OCR for Manipulation
The first thing we want to attempt with OCR is manipulating an image based on the characters found in the image. For example, on a real estate website, you may want to hide the agent's contact details. Though you may be able to restrict agents from displaying in their contact information, they may discover different ways to leave these details in the image, like shown below:http://res.cloudinary.com/demo/image/upload/w_1.1/home_4_sale.jpg
The sign clearly shows the agent’s phone number, which might violate your terms and conditions. With OCR, you can replace the text with your own contact information.

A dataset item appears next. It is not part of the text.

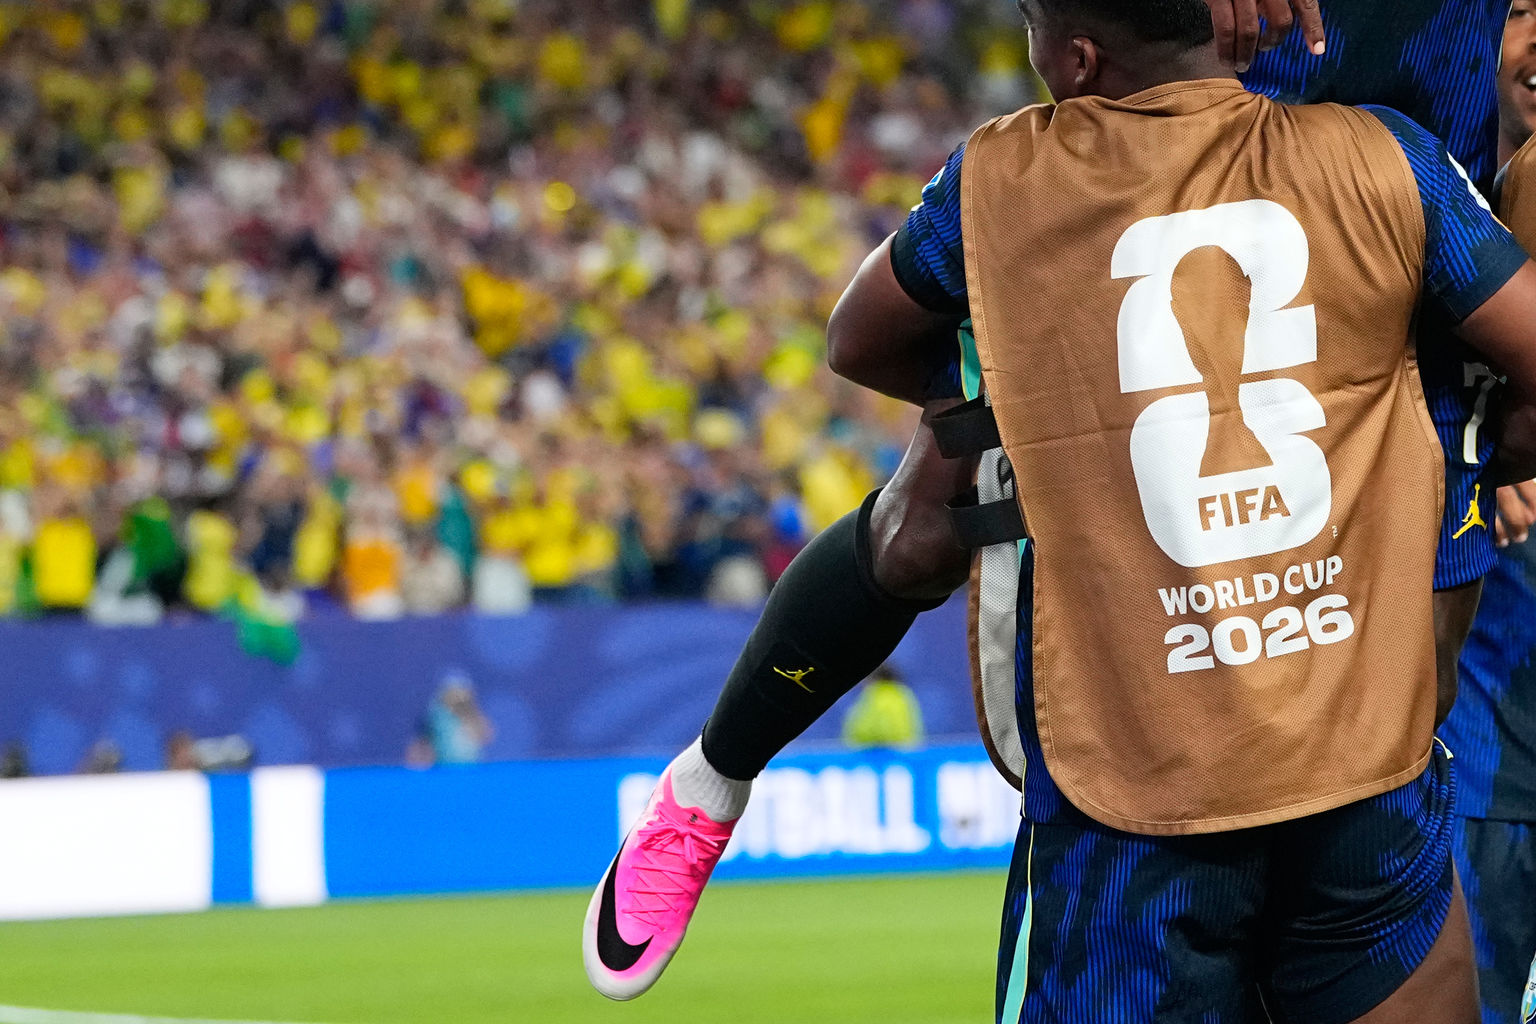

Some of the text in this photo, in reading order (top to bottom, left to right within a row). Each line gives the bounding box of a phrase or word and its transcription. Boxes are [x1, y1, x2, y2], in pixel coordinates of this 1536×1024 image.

[1197, 484, 1291, 532] FIFA
[1157, 555, 1343, 616] WORLD CUP
[1164, 594, 1355, 675] 2026

To achieve this with Cloudinary, we need to use three parameters:
1. The overlay image: The image on which we intend to cover the detected text.
2. Set Gravity to text_ocr
for correct positioning
3. fl_region_relative
to adjust the width of the overlay image to that of the detected text element.
http://res.cloudinary.com/demo/image/upload/l_call_text,fl_region_relative,w_1.1,g_ocr_text/home_4_sale.jpg
To replicate the above example, you'll need a free Cloudinary account. Once you have created your account, upload the image above to your provisioned cloud, and start manipulating the image URL as we're doing above.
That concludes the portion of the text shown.